Leave the pictures out and return every line below exactly.
**** Raw data
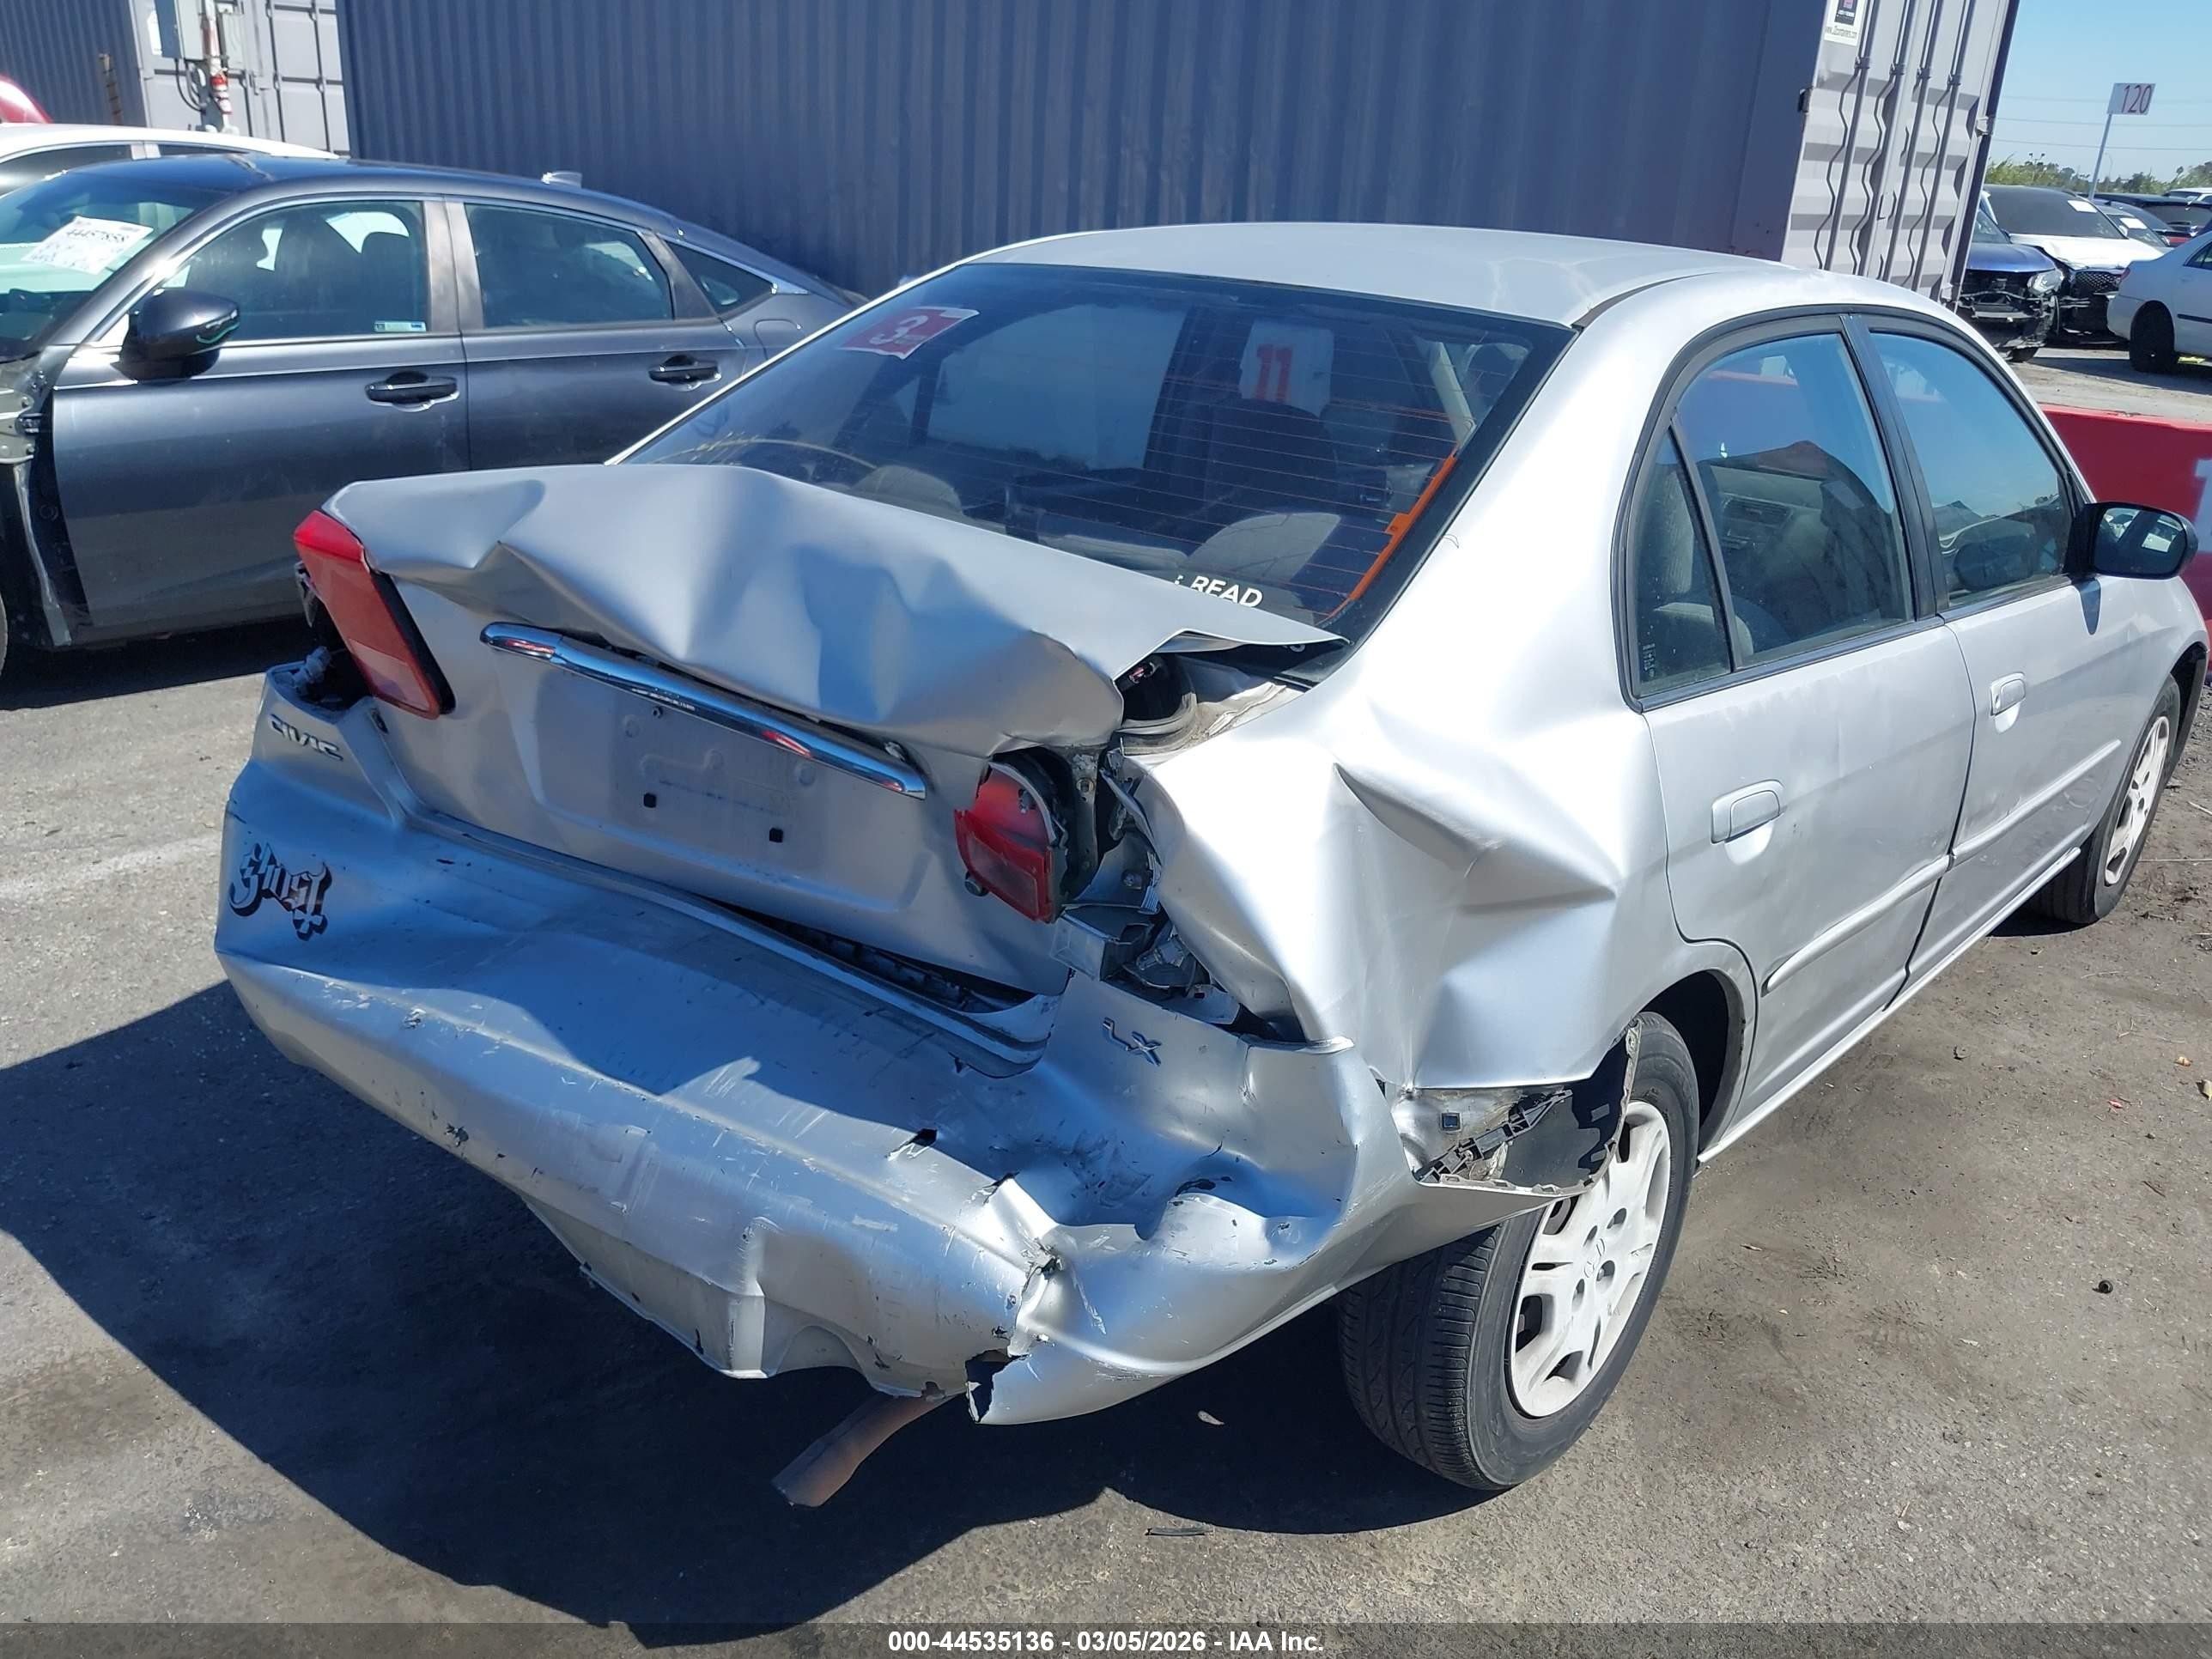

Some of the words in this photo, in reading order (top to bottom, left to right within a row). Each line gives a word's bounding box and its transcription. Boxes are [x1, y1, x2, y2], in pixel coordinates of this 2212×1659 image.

[2121, 84, 2153, 114] 120
[1190, 575, 1263, 607] READ
[270, 714, 344, 761] CIVIC
[1102, 1017, 1163, 1066] LX
********
> _Answer below_
Some of the words in this photo, in reading order (top to bottom, left to right within a row). Each line gives a word's bounding box and its transcription. Boxes are [x1, y1, x2, y2], in pixel coordinates of this 2212×1659 image.

[2121, 84, 2153, 114] 120
[1190, 575, 1263, 607] READ
[270, 714, 344, 761] CIVIC
[1102, 1017, 1163, 1066] LX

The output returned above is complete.